Playboy has officially launched its first ever all-Israeli line of male supermodels. Break out the bunny horns, reads one news headline. TURN-ONS are expected to include:

‘Shiksas with uzis, an inordinate fear of their own mothers, and negotiating for more turn-ons’.

I feel I have to ask, I don’t know how it’s taken me so many centuries to do it, what kind of money will these models make at the expense of so much pleasure?

Glossary of Imaginary Sorrows

Prefertilization, noun.

Preferring and/or preparing to fertilize.

i.e. When you watch Mexican porn at work and, not having had the foresight to set your printer to ‘B&W Only’, accidentally click Print while your boss is making the rounds; and the two of you are forced to look on in shame as a series of Mexican babies emerge from the printer bearing labels like ‘Oscar/Lucinda Redux’ and ‘Las Papillas’ – which, you later learn, is Spanish slang for ‘Little Papers’.

Literatosis, noun.

Literary sclerosis exasperated by literary ambition exasperated by sclerosis of the liver.

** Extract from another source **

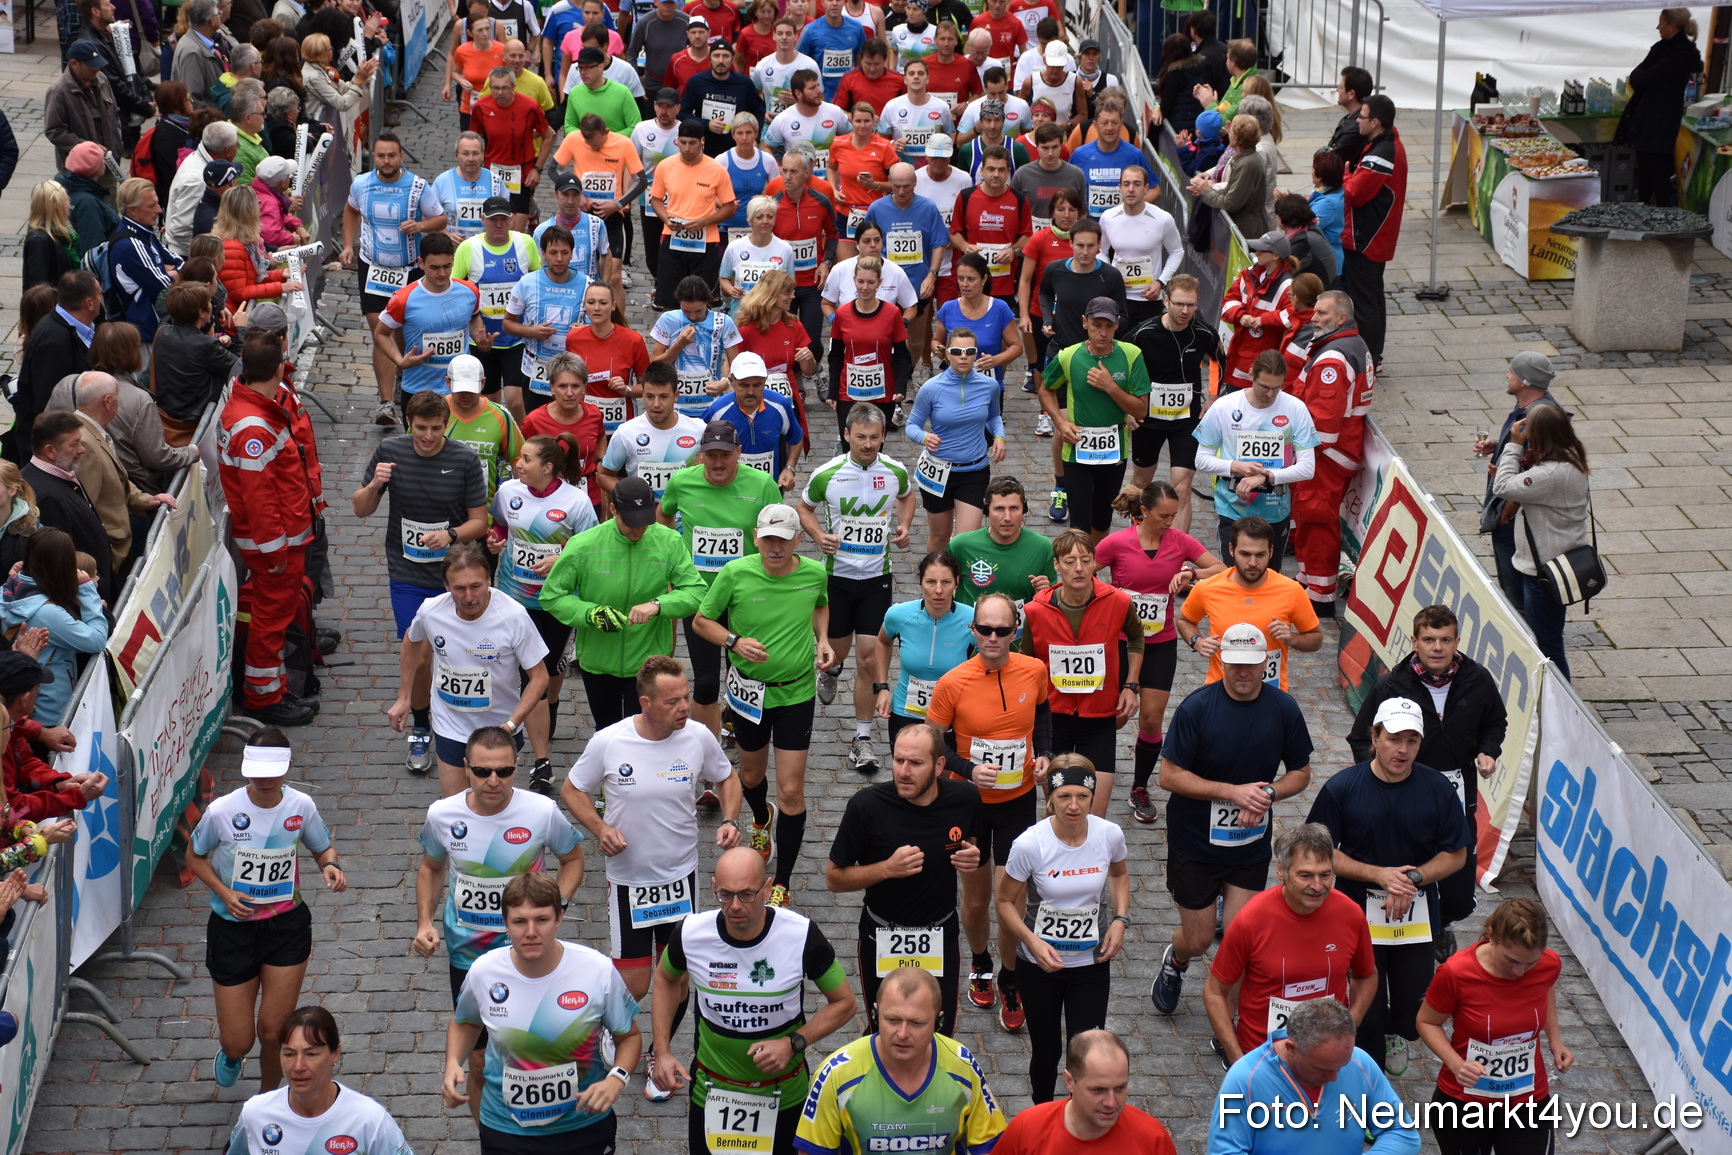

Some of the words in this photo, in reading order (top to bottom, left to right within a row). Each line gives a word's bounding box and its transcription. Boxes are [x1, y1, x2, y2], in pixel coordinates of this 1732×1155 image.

i.e. I am trying to learn Italian as ‘research’ for a novel about a man who is trying to learn Italian. Neither one is going well. I can’t figure out who is cheating who. 

See also: Multilingualism & its Discontents, Death by Self-Plagiarism, Pirandello

Prefertilizing, transitive verb.

i.e. There is so much Spring in the air I could spring myself from the window.

Literatorture: Upon Leaving a Station at the Metro

a beautiful woman strokes my chest, and says she
likes the ‘pretty colors of my boootyful scarf’.

‘thank god’, I say. ‘I stole it from such an ugly friend’.
and it isn’t true…what they say of literature:

that it saves the sick from dying with unlived bodies
still inside them. outside the platform, we see the same

tedious arguments—lone and marbled clouds tumble over
one another, casting  shadows over so many

down-turned faces; a crowd of windless trees grows damp
from lack of attention, hints of future fungus settled on their

blackened boughs. and it isn’t true…what they say of literature:
that it was invented for the sick to have a language to themselves.

a beautiful woman strokes my chest, and says she
likes ‘the pretty colors of my boootyful scarf’.